_Exercise aim_:
Set every entry down again exactly, excluding any pictures.

_Given records_:
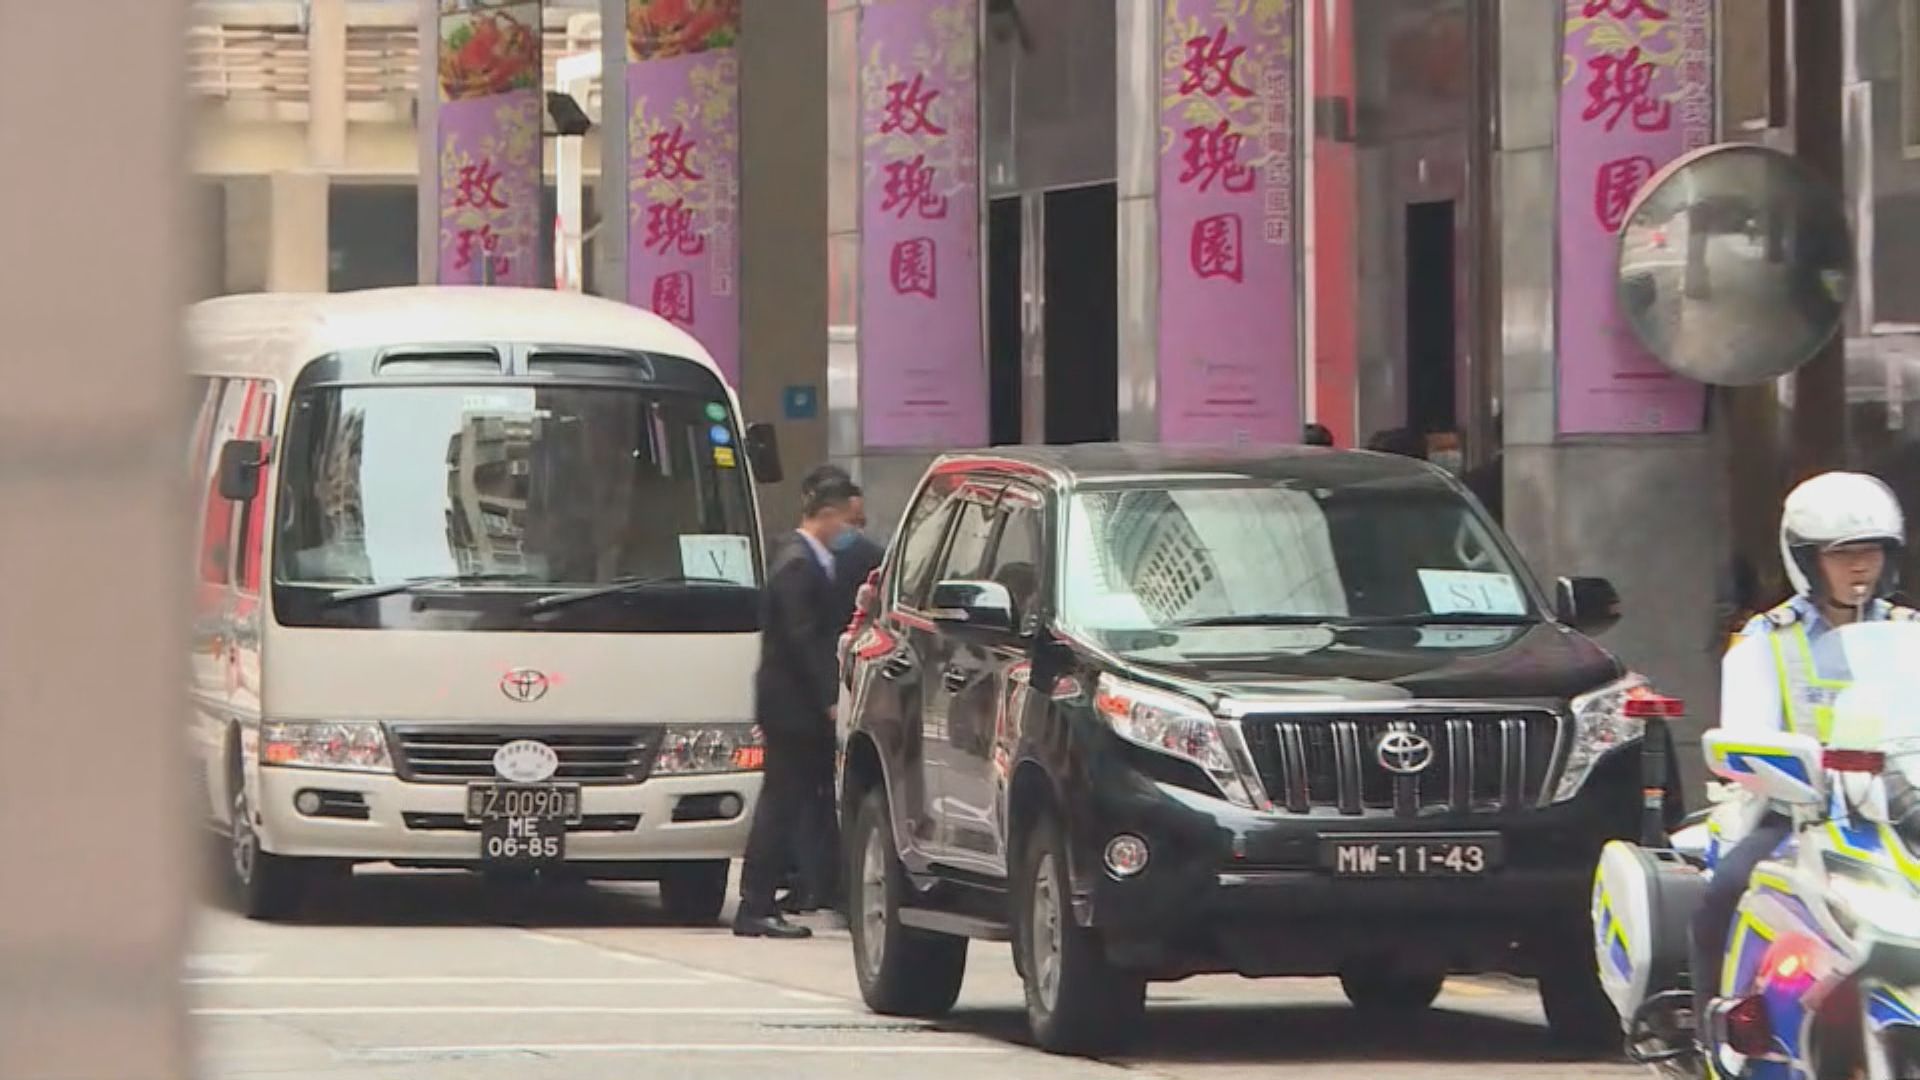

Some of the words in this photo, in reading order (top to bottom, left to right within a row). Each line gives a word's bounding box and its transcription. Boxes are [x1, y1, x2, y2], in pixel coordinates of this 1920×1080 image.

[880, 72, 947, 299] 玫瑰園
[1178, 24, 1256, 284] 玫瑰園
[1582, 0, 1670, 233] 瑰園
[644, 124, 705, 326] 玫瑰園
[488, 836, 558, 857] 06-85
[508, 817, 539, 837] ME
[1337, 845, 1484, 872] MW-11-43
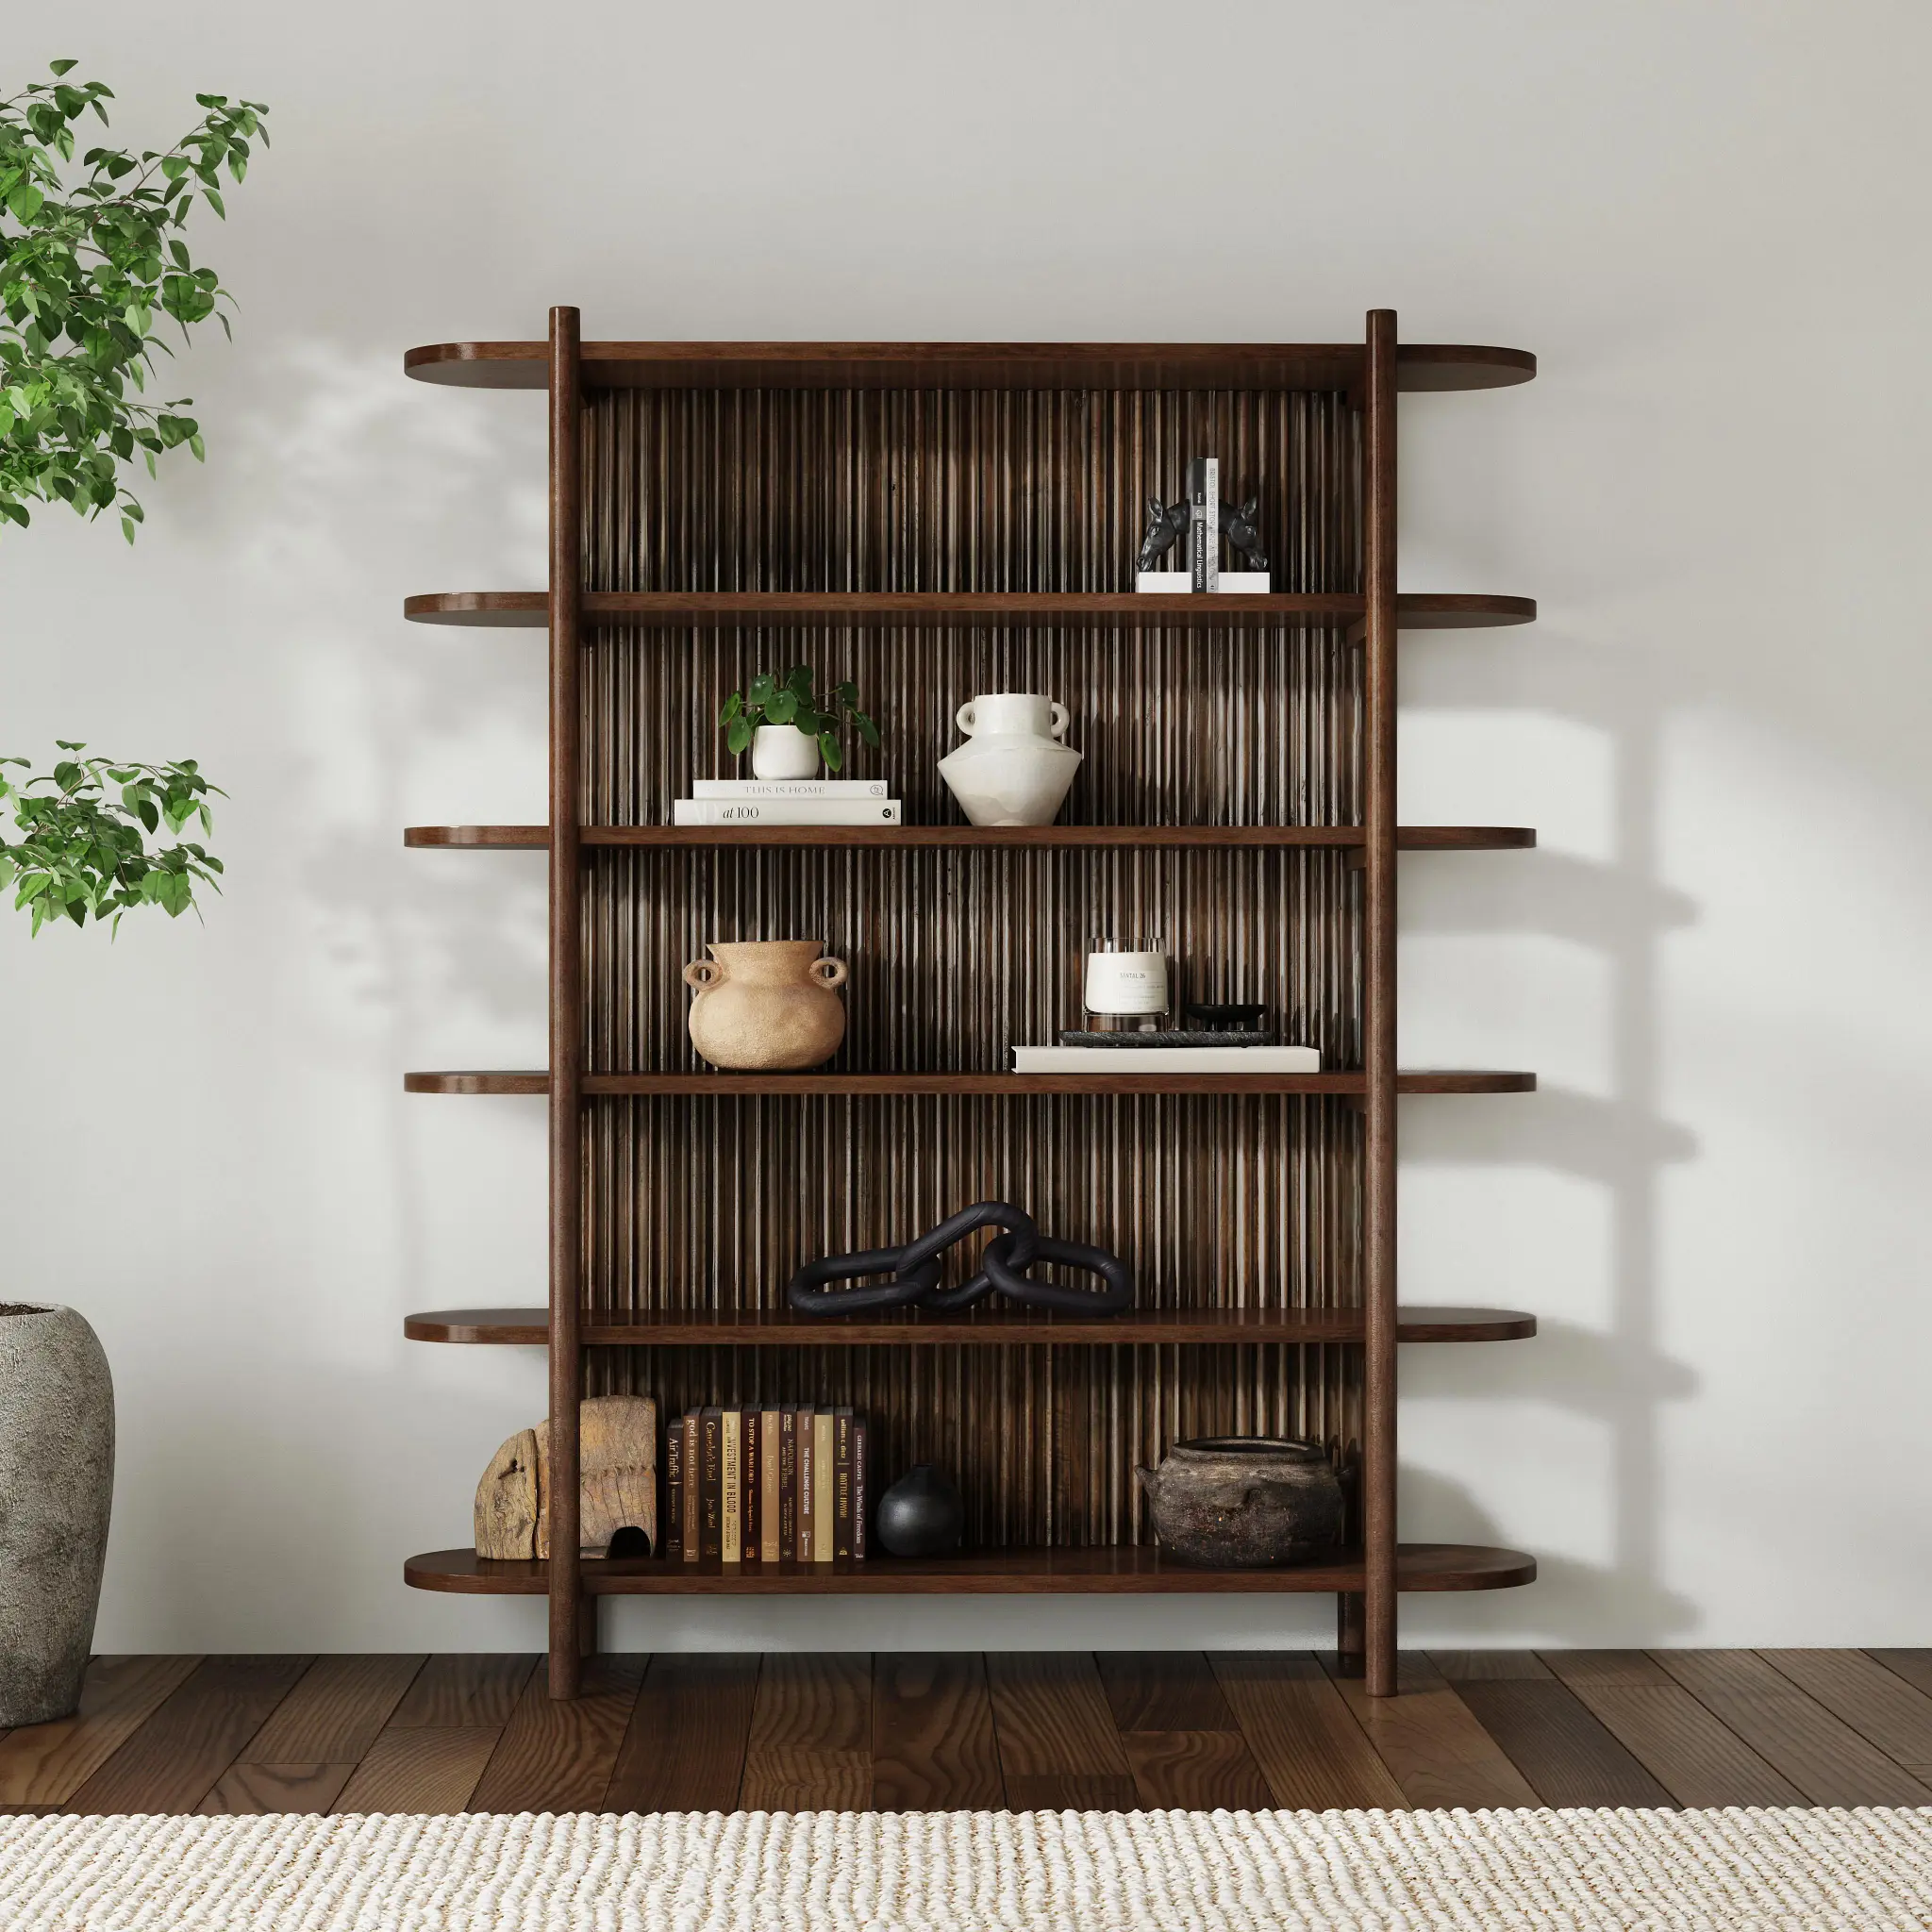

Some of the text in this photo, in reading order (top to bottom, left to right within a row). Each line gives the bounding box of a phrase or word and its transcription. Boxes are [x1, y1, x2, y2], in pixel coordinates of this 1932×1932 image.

_Response to the task_:
Some of the words in this photo, in reading order (top to bottom, left to right within a row). Each line gives a word's bounding box and its transcription. Boxes are [x1, y1, x2, y2], in pixel coordinates of this 1920×1080 image.

[880, 72, 947, 299] 玫瑰園
[1178, 24, 1256, 284] 玫瑰園
[1582, 0, 1670, 233] 瑰園
[644, 124, 705, 326] 玫瑰園
[488, 836, 558, 857] 06-85
[508, 817, 539, 837] ME
[1337, 845, 1484, 872] MW-11-43

Some of the text in this photo, in reading order (top to bottom, left to right within a row). Each line gives the bounding box of a phrase or word and its transcription. Boxes are [x1, y1, x2, y2], in pixel coordinates of this 1932×1932 image.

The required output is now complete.